$ cat /p4/1/logs/checkpoint.log
Fri Oct 30 05:07:00 UTC 2020 /p4/common/bin/daily_checkpoint.sh: Start p4_1 Checkpoint
Fri Oct 30 05:07:01 UTC 2020 /p4/common/bin/daily_checkpoint.sh: Offline journal number is: 22
Fri Oct 30 05:07:01 UTC 2020 /p4/common/bin/daily_checkpoint.sh: Skipping call to truncate_journal() on edge or replica server.
Fri Oct 30 05:07:01 UTC 2020 /p4/common/bin/daily_checkpoint.sh: Replay any unreplayed journals to the offline database.
Fri Oct 30 05:07:01 UTC 2020 /p4/common/bin/daily_checkpoint.sh: Replay journal /depotdata/p4/1/checkpoints.replica.1/p4_1.replica.1.jnl.22 to offline db.
Recovering from /depotdata/p4/1/checkpoints.replica.1/p4_1.replica.1.jnl.22...
real 0m0.027s
user 0m0.004s
sys 0m0.013s
Fri Oct 30 05:07:01 UTC 2020 /p4/common/bin/daily_checkpoint.sh: Replay journal /depotdata/p4/1/checkpoints.replica.1/p4_1.replica.1.jnl.23 to offline db.
Recovering from /depotdata/p4/1/checkpoints.replica.1/p4_1.replica.1.jnl.23...
real 0m0.023s
user 0m0.004s
sys 0m0.012s
Fri Oct 30 05:07:01 UTC 2020 /p4/common/bin/daily_checkpoint.sh: Replay journal /depotdata/p4/1/checkpoints.replica.1/p4_1.replica.1.jnl.24 to offline db.
Recovering from /depotdata/p4/1/checkpoints.replica.1/p4_1.replica.1.jnl.24...
Perforce server error:
open for read: /depotdata/p4/1/checkpoints.replica.1/p4_1.replica.1.jnl.24: No such file or directory
open for read: /depotdata/p4/1/checkpoints.replica.1/p4_1.replica.1.jnl.24: No such file or directory
real 0m0.007s
user 0m0.003s
sys 0m0.004s
Fri Oct 30 05:07:01 UTC 2020 /p4/common/bin/daily_checkpoint.sh: ERROR!!! - replica p4_1 /p4/common/bin/daily_checkpoint.sh: Offline journal replay failed.
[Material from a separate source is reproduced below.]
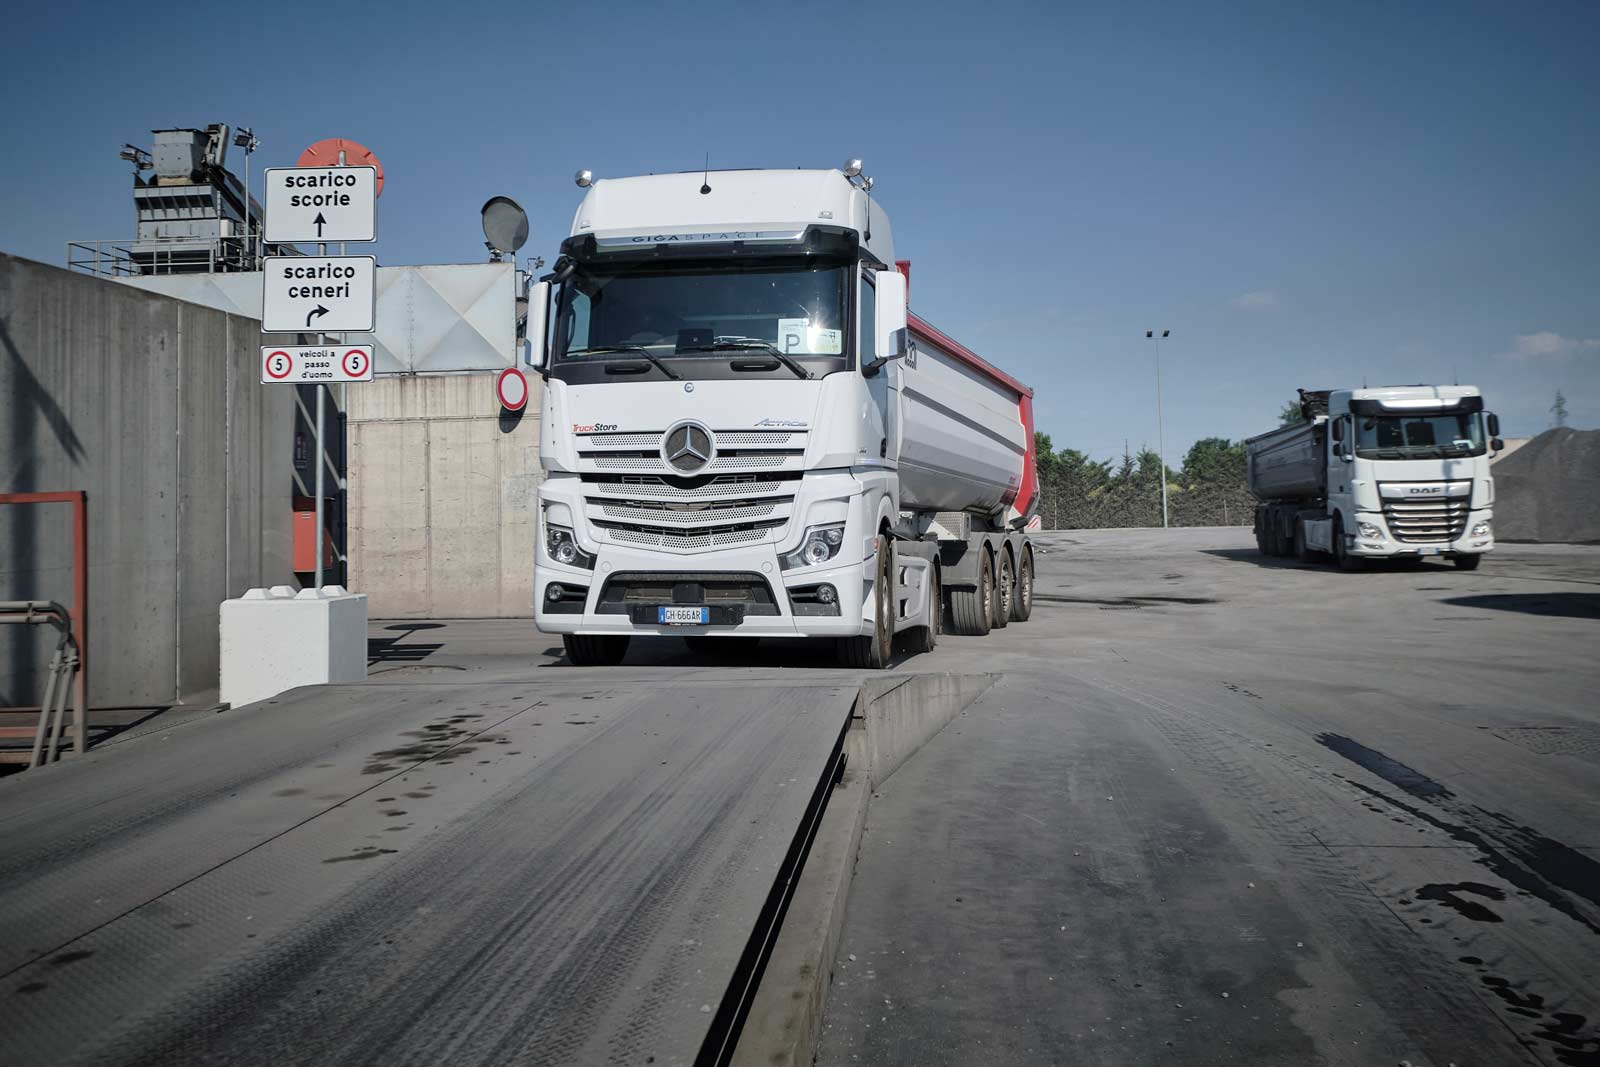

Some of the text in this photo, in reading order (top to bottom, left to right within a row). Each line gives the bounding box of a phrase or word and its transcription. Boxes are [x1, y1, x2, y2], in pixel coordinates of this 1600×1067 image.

Abort!
$ ls -al /p4/1/checkpoints.replica.1/
total 40
drwx------. 2 p4 p4 267 Oct 30 05:08 .
drwx------. 6 p4 p4 81 Oct 30 03:44 ..
-r--r-----. 1 p4 p4 2838 Oct 30 04:54 p4_1.replica.1.jnl.15
-r--r-----. 1 p4 p4 4126 Oct 30 04:55 p4_1.replica.1.jnl.16
-r--r-----. 1 p4 p4 1940 Oct 30 04:55 p4_1.replica.1.jnl.17
-r--r-----. 1 p4 p4 1940 Oct 30 04:55 p4_1.replica.1.jnl.18
-r--r-----. 1 p4 p4 1940 Oct 30 04:55 p4_1.replica.1.jnl.19
-r--r-----. 1 p4 p4 2838 Oct 30 04:56 p4_1.replica.1.jnl.20
-r--r-----. 1 p4 p4 2838 Oct 30 04:57 p4_1.replica.1.jnl.21
-r--r-----. 1 p4 p4 3228 Oct 30 05:06 p4_1.replica.1.jnl.22
-r--r-----. 1 p4 p4 1940 Oct 30 05:06 p4_1.replica.1.jnl.23
The daily_checkpoint.sh script isn't intended to work on a forwarding replica; it should only be run on a master or an edge server. I set the Component field of this job to 'doc' to add the needed clarification. Here are some bits:
First, none of the SDP scripts interfere with 'p4d pull' real-time replication. It sets standards and conventions for how replication is setup, but none of the scripts do anything to a replica once it is running. (Well, except for load_checkpoint.sh that blasts and reseeds).
For forwarding replicas, there are a few scripts you might choose, depending on your goals. You may want to use either sync_replica.sh (or replica_cleanup.sh), and optionally request_replica_checkpoint.sh.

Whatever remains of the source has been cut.